Cut & Stitch, the second LP from British feminist post hardcore punk band PETROL GIRLS landed officially on Friday, May 24th, via Hassle Records, and we’re pleased to give you our newest interview, a follow up to our insightful talk from 2016. We sat down to talk about feminism, talk about current political climate, the growing culture of misogyny, homophobia, and racism,
“Cut & Stitch is a patchwork of different sounds, ideas and feelings. It’s the most experimental record we’ve made so far, both musically and lyrically. Cutting and stitching is a process that can go on indefinitely – stitches are easily unpicked, new shapes can be cut, everything can be rearranged. We cut our patches off of old clothes and sew them onto something else. Continuity is an idea that underpins the record, from ‘the sound does not arrive’ to ‘we’re not finished, we never fucking will be.’ This follows on from the sentiment of our last EP, ‘The Future is Dark.’ Political change is a slow, complicated process that’s often only partly visible with hindsight. Making change is a constant collective process that never stops. Its probably impossible for us to see our place within it or to know what consequences our actions will have. It isn’t as simple or hopeless as straightforward victories and failures.
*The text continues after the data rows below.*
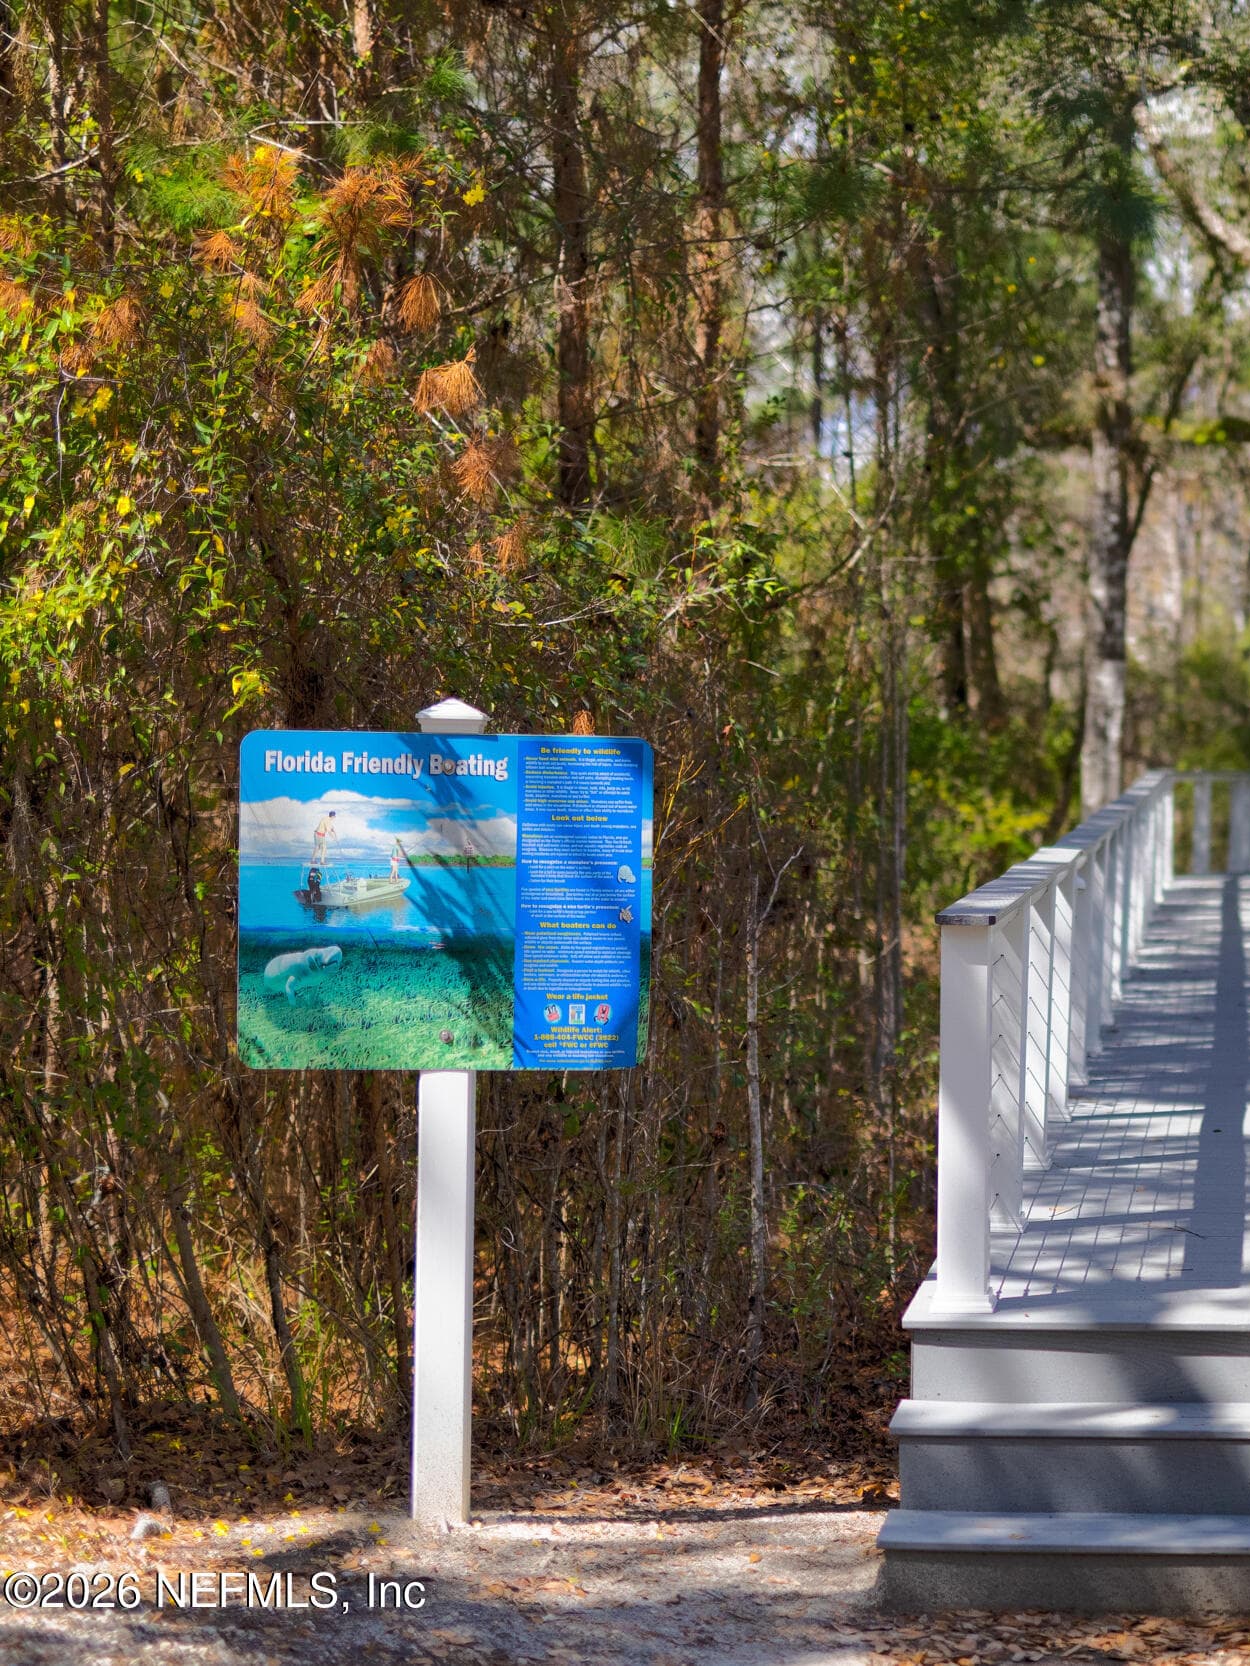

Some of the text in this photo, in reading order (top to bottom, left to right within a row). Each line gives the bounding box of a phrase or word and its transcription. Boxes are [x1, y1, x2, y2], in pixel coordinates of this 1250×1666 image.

[552, 747, 582, 755] friendly
[264, 750, 336, 773] Florida
[341, 751, 424, 779] Friendly
[585, 993, 608, 1001] jacket
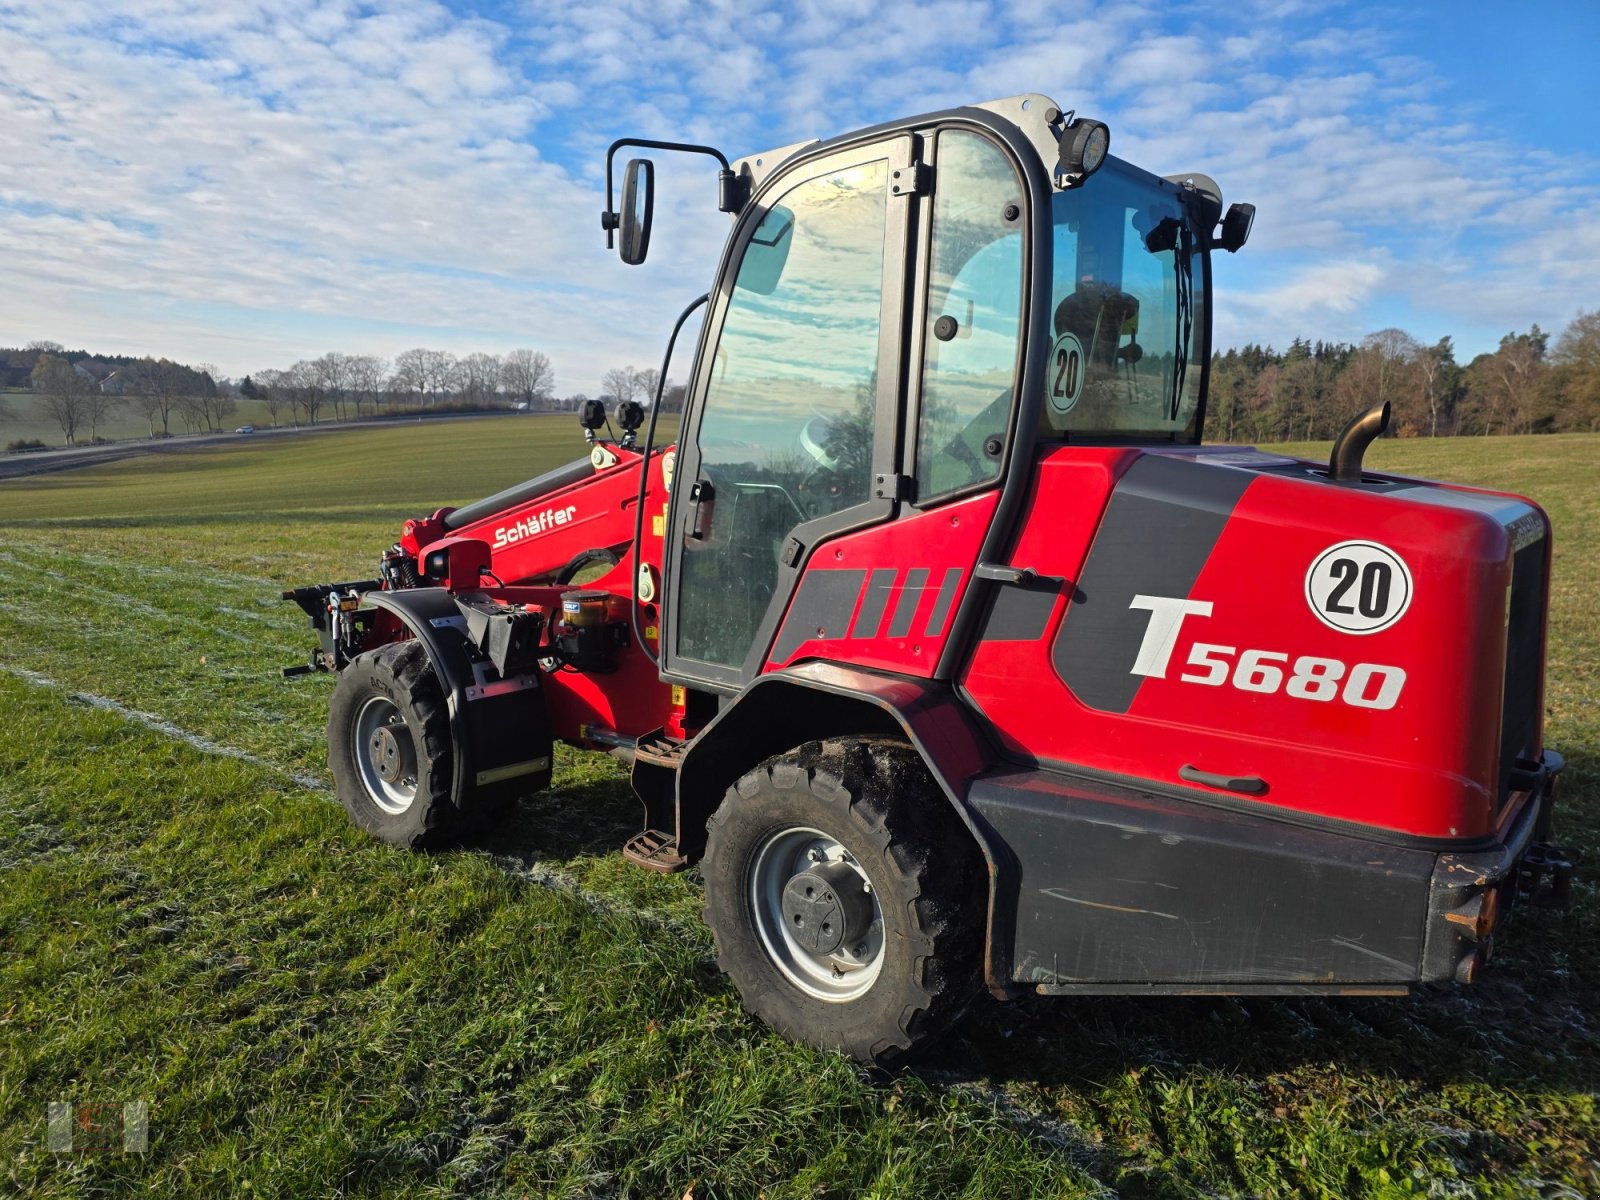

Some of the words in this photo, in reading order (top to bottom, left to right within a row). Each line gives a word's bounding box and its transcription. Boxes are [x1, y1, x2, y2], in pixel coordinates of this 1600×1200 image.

[1053, 348, 1079, 399] 20
[492, 505, 576, 549] Schäffer
[1325, 557, 1392, 619] 20
[370, 676, 394, 699] AC70
Feminism has become more of an overall approach than an obvious topic, seeping into the way we think about everything from the environment to mental health. We’ve also started to think more about what feminism means for men, given that half of the band are men, and explore the perspective of a man struggling with expressing his emotions in ‘Talk in Tongues.’
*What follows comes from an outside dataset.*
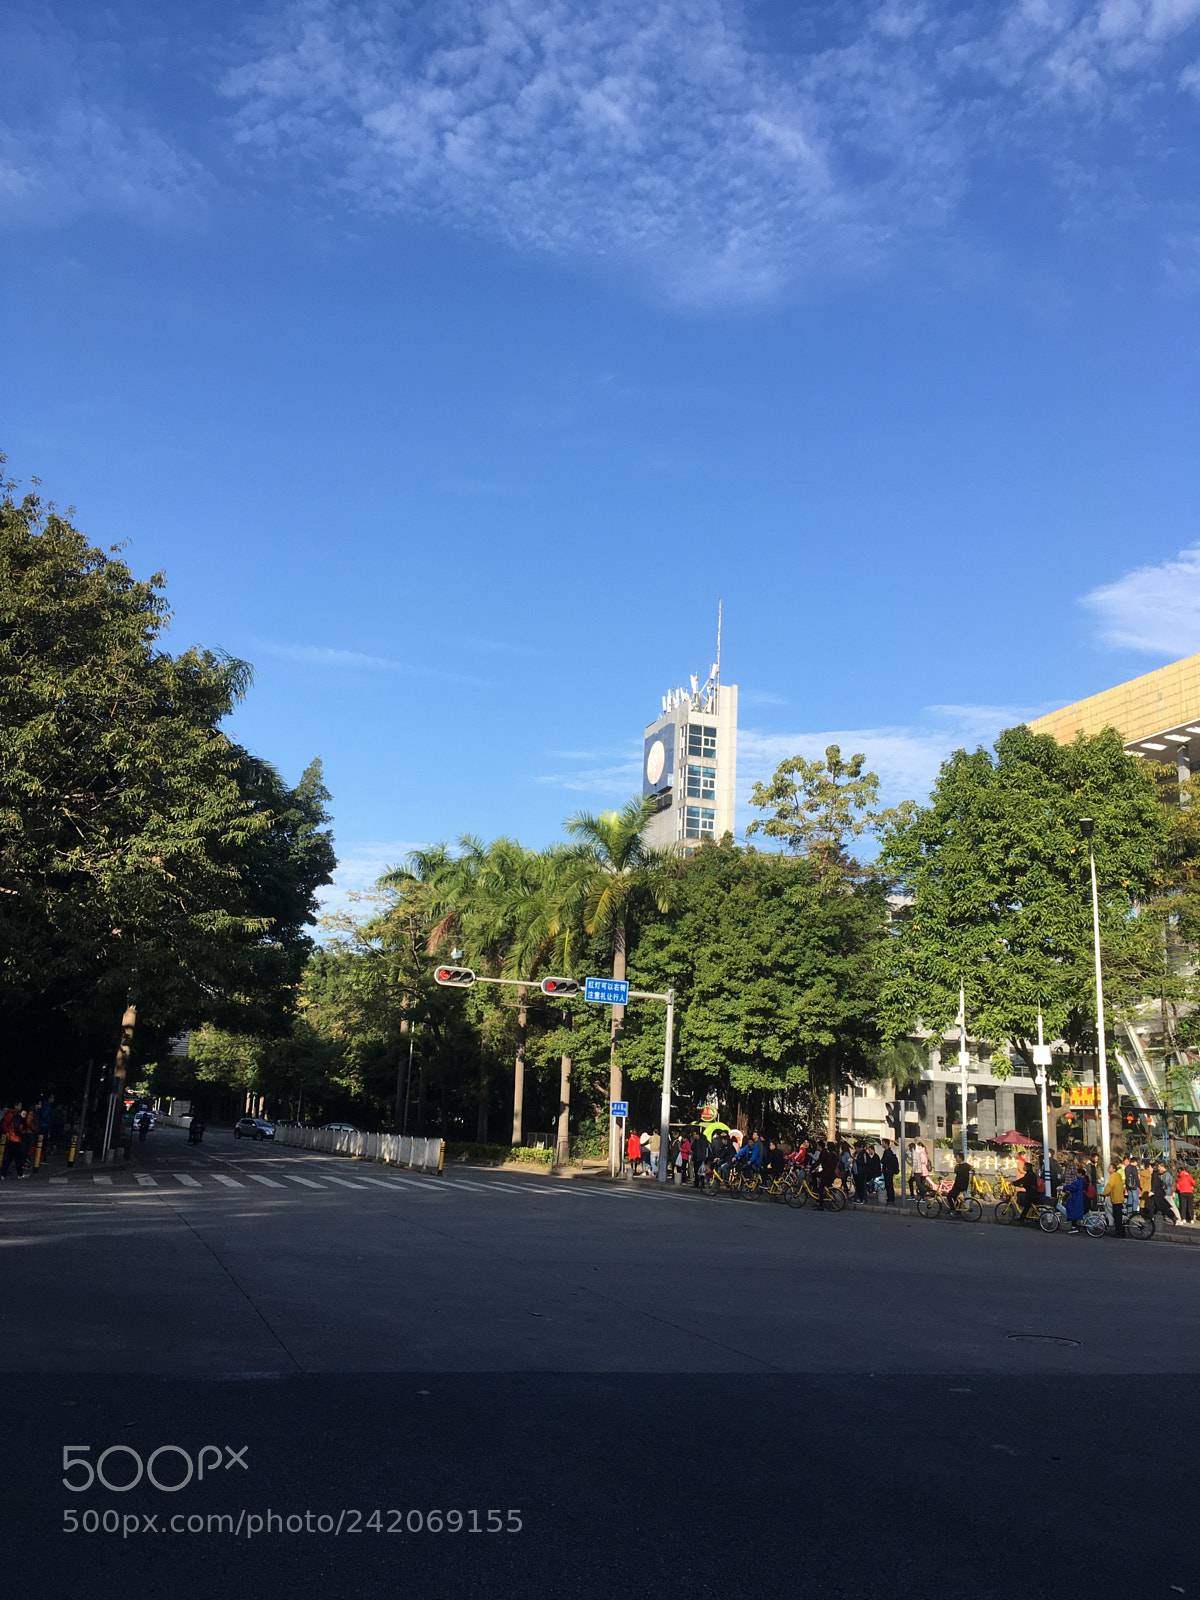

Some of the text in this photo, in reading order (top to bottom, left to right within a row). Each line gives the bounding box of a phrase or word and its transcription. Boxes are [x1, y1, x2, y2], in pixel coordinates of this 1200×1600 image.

[587, 991, 625, 1002] 注意礼让行人
The majority of the lyrics were written in the studio. I was having a difficult time, unsure about where to live after we finished the record, and burnt out from a tough year of personal and legal challenges. Something that I’ve reluctantly allowed feminism to teach me is that we have to tend to our own wounds, and that sometimes being vulnerable is just as radical as being angry – it certainly scares me a lot more. Rage on its own isn’t sustainable. We hope this is a more honest and human record.”
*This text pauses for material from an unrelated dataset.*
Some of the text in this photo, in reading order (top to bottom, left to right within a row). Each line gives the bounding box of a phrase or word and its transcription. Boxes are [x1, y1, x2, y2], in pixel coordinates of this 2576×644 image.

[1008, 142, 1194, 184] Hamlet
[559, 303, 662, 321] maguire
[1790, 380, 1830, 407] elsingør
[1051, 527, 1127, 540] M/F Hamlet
The band is touring extensively from the beginning of May, including in-stores at Rough Trade, tours with War On Women and La Dispute, plus appearances as festivals like The Great Escape, 2000trees and Roskilde.
Hey there! Can you believe it’s been over 3 years since our last interview? Times flies, huh? How are you? How has the journey been for you since 2016?
Hey! Wow that really did fly by! We’re good thanks – just in the van night driving to our sleeping place. We’re on a huge tour at the moment -something like 2 months in total. I guess quite a lot has happened since 2016 – we’ve toured loads – we actually finally got to play in Warsaw! We’ve all moved to different countries at various points, and of course we wrote and recorded and have now released our new record Cut & Stitch!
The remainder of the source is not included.